Sekalipun banyak kebenaran yang diperoleh dan diakui dari buku karya Welliam Boseke, akan tetapi ada juga yang disanggah Budayawan Minahasa Benny Matindas, seperti penggunaan kata “Minahasa” yang dulunya lebih dikenal kata “Manado”. Hal itu terlihat dari surat surat yang dibuat imam OFM yang pernah masuk di Minahasa di masa lalu.
Menurut pendapat tokoh muda Ferdinand Dj Dumais, bahwa penelusuran leluhur Tou Minahasa tidak lagi bersumber dari legenda atau mitologi yang spekulatif tapi dengan basis ilmiah.
Hal itu searah dengan teori falsifikasi Karl Popper yang dipengaruhi pemikiran Albert Einstein dan mengatakan bahwa “teori tak dapat dipertahankan bila gagal dalam uji tertentu”.

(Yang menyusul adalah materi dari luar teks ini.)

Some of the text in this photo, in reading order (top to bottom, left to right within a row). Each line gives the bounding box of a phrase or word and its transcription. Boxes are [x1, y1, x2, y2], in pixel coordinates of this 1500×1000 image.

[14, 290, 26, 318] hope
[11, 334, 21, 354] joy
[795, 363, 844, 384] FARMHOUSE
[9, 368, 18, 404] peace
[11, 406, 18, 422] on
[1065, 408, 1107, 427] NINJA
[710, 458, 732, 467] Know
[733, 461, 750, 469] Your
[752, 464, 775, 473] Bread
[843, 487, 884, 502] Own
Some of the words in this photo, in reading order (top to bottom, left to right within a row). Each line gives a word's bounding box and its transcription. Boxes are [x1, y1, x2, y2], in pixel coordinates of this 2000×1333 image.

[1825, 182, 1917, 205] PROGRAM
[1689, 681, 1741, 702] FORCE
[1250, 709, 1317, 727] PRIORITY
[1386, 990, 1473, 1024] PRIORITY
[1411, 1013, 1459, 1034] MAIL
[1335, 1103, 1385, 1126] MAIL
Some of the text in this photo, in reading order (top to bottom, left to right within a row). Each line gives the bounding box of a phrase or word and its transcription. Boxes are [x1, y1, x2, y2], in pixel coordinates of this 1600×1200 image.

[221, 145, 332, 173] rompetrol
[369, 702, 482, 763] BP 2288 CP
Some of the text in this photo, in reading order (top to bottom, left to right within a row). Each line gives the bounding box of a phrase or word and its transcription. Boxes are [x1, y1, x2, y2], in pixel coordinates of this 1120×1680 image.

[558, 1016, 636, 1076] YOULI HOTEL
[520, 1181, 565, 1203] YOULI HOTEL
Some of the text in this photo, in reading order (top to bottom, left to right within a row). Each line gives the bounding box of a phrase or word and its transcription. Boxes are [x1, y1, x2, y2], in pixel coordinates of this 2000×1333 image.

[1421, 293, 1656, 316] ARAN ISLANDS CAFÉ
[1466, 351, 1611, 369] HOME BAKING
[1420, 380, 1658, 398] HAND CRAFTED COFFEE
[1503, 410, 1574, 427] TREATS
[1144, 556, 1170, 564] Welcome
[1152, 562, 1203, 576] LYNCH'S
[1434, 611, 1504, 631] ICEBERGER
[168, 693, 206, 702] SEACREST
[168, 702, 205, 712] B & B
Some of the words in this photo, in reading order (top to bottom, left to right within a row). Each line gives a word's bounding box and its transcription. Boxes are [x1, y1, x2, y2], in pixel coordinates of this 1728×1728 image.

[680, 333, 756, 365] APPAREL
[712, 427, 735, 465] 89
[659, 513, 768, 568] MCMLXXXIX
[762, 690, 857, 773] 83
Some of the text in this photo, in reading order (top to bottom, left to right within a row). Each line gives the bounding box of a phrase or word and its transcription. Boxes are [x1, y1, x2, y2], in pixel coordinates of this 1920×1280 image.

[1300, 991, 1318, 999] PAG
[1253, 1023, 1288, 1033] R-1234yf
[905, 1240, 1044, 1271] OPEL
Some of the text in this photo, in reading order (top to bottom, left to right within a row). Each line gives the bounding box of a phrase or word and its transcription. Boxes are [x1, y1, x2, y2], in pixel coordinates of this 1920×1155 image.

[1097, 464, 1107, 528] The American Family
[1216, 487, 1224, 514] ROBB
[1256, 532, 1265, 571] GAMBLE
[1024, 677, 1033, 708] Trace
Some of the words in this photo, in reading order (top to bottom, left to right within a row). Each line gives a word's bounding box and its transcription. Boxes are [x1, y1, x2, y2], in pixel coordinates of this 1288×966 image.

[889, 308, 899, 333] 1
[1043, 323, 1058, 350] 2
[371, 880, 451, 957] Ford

Hal itu berbeda dengan pemikiran dogmatis yang hanya menguatkan teori yang sudah ada. Popper mengajukan teori falsifikasi yaitu menyalahkan teori yang sudah ada dengan pembuktian baru. Falsifikasi berasal dari kata false. “Falsify” artinya “menjadi salah”.
Teori-teori yang sudah ada bila ditemukan kesalahannya maka otomatis gugur sebagai teori ilmu pengetahuan. Falsifikasi adalah lawan dari verifikasi. Istilah verifikasi dipakai oleh mazhab Wina yaitu kaum neo-positivism yang memegang teguh metode induksi.
Popper mengatakan ilmu pengetahuan lahir dari sebuah dugaan (konjektur) penelitinya.
Dari sudut pandang itu, Ferdinand Dumais menaruh penghargaan kepada Welliam Boseke yang dipandang telah mampu membukukan korelasi tou Minahasa dengan Dinasti Han di Tiongkok dari sudut lingustik.
Dia sangat menghargai karya ilmiah Welliam Boseke yang dari sudut tertentu patut dipandang telah berhasil melakukan “falsifikasi” terhadap teori yang selama ini hinggap di benak Tou Minahasa.